Peo Nilsson wrote:
On Mon, 2006-10-23 at 20:52 -0500, Rajko M wrote:
On Monday 23 October 2006 17:48, Carlos E. R. wrote: [clipped]
Second reason not to use this method is construction of todays computers, where "switch" is just a signal key that tells motherboard to turn power supply on. So there is no real separation of electric power (110 VAC) like it
230 V~ 50Hz
Where do they have 110 V~ ???
[clipped more] Torroid Corp. has a (somewhat) simplified chart of voltages: http://www.toroid.com/custom_transformers/technical_bulletin_2.htm http://www.powerstream.com/cv.htm lists Country Voltages and Plug Styles. http://users.pandora.be/worldstandards/electricity.htm is a more graphical/map presentation.

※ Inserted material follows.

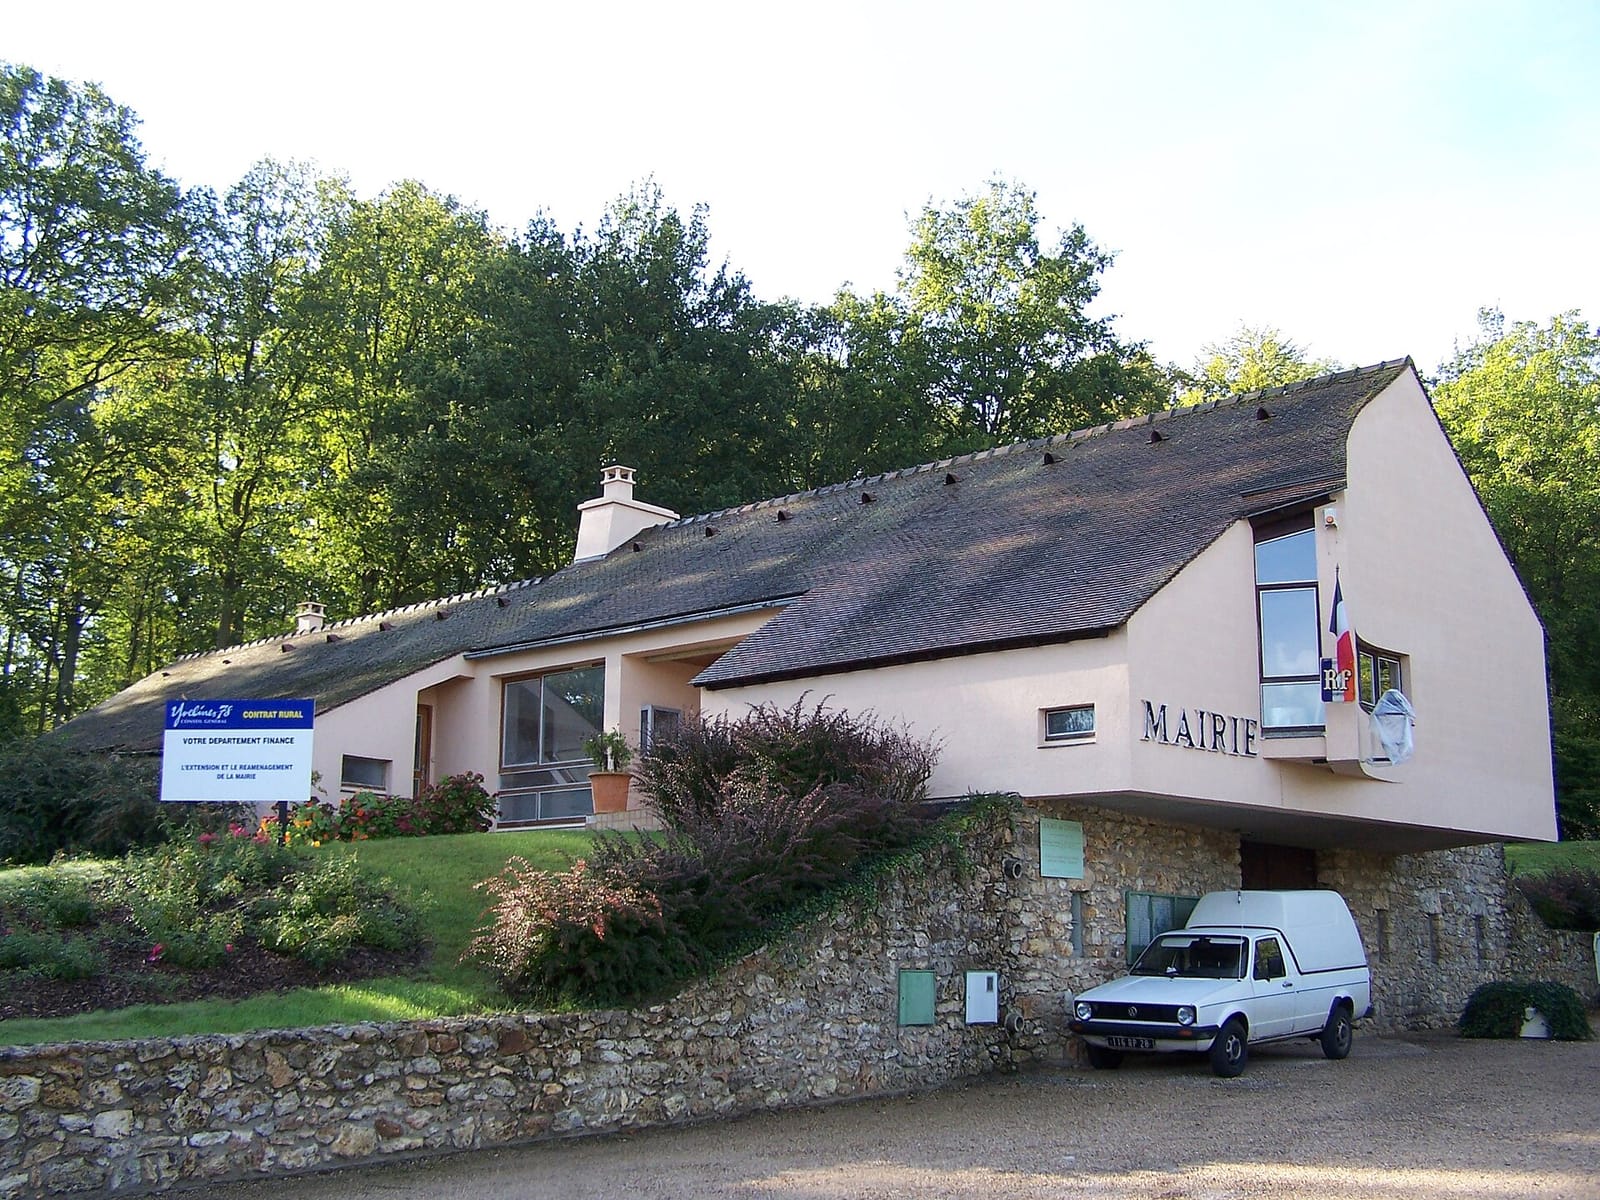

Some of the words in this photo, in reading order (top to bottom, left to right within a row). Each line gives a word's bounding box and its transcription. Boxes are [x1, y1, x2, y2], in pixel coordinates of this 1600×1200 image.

Wikipedia history is good reading (if more than wanted). http://en.wikipedia.org/wiki/Electricity_distribution North American centric with worldwide comparisons. Single and three phase stuff even. It is difficult to find out about the many years of generating systems inching upward from 105V, through 110V, past 115V and now firmly at 120-volts. Seldom does anyone say plainly to the consumer that a 120-volt standard allows for losses inside a building, so that 115-volt equipment is meant to be used on 120-volt systems. Mostly 110 is a memory artifact from bygone years.